Let's start with a simplified design review of OpenMetadata. You can find further details here, but we'll now focus on the Server & the Database:
In a nutshell, we have a data model in which we store all of this information. The definition of this model (table names, schemas,...) is managed using Flyway migrations. In every release, the structure of this data model can change. This means that the shape of the database is tightly coupled to your OpenMetadata Server version.
You can find all the necessary information on how to run the backups here.
When we backup the data, we are creating an SQL file that follows the shape of the database of a specific version. Thus, if we have some issues on our instance, and we ever need to restore that data, it will only fit to a database with that same version shape.
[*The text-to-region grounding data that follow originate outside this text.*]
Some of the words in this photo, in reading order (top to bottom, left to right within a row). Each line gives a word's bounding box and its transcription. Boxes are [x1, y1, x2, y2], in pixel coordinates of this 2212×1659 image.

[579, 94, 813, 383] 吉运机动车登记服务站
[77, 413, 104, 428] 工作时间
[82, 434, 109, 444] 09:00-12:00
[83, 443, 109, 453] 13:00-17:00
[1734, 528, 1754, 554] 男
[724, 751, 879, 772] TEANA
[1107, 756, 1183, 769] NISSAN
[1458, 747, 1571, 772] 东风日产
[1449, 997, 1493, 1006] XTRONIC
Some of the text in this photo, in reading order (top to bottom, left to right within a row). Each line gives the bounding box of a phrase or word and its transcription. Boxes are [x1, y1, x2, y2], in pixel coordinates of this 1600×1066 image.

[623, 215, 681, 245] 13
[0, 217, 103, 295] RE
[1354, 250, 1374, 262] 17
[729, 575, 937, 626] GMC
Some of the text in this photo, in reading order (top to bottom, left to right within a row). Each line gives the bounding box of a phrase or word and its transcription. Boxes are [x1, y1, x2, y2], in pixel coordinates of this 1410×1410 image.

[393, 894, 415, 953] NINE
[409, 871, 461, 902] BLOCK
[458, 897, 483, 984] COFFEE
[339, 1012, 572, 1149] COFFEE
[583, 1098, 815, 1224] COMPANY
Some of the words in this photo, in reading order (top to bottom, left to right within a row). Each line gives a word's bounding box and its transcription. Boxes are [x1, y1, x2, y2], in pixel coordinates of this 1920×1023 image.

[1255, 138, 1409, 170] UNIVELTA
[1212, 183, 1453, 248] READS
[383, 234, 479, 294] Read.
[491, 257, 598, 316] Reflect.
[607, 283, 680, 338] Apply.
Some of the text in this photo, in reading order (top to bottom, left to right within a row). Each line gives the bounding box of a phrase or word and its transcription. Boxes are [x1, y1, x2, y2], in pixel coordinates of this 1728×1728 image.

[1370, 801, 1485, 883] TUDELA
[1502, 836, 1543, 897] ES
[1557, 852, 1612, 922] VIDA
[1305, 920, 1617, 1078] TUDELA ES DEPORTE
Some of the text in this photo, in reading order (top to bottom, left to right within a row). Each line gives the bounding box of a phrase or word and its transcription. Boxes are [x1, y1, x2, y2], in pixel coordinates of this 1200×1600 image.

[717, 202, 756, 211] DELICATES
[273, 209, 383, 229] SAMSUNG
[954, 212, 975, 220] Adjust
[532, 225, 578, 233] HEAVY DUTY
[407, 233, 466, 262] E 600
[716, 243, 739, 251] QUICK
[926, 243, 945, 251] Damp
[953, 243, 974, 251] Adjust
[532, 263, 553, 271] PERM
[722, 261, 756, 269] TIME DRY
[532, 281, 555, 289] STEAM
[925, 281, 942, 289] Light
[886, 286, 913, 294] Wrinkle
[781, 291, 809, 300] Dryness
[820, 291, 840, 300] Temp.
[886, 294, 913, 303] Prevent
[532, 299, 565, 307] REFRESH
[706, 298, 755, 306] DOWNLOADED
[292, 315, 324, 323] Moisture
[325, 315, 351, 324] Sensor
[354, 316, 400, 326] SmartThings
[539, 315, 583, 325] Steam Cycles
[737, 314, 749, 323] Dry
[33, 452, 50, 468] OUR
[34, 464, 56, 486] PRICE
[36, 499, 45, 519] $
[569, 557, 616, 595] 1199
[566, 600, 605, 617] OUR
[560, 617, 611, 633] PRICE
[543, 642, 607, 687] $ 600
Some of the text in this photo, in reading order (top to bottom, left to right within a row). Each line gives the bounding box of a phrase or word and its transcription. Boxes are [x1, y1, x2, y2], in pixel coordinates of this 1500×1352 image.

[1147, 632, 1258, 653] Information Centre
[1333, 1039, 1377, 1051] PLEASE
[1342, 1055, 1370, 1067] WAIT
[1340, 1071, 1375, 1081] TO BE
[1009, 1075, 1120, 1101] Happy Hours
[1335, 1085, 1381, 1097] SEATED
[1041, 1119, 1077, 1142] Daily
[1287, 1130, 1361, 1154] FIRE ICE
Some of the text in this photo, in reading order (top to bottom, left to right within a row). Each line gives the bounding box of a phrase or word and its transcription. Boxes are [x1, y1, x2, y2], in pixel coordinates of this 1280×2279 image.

Now that we understand what is being backed up and how it looks like, when (and where) should we restore?
- When: We restore the data if we need to get back in time. Restoring is never needed during the upgrade process.
- Where: We will restore the data to a clean database with the Flyway migrations at the same version as the backed up data. The usual process will be:
Note that the restore process will not work if we try to restore some data taken from version X to a database shaped with version Y.
We have been explaining how each OpenMetadata Server relies on a specific data model to store the metadata. What happens when we upgrade from version X to Y?
The migration process will take care of getting the data shaped as X and transform it to the Y shape. After the migration is done, the server in version Y will be able to run properly.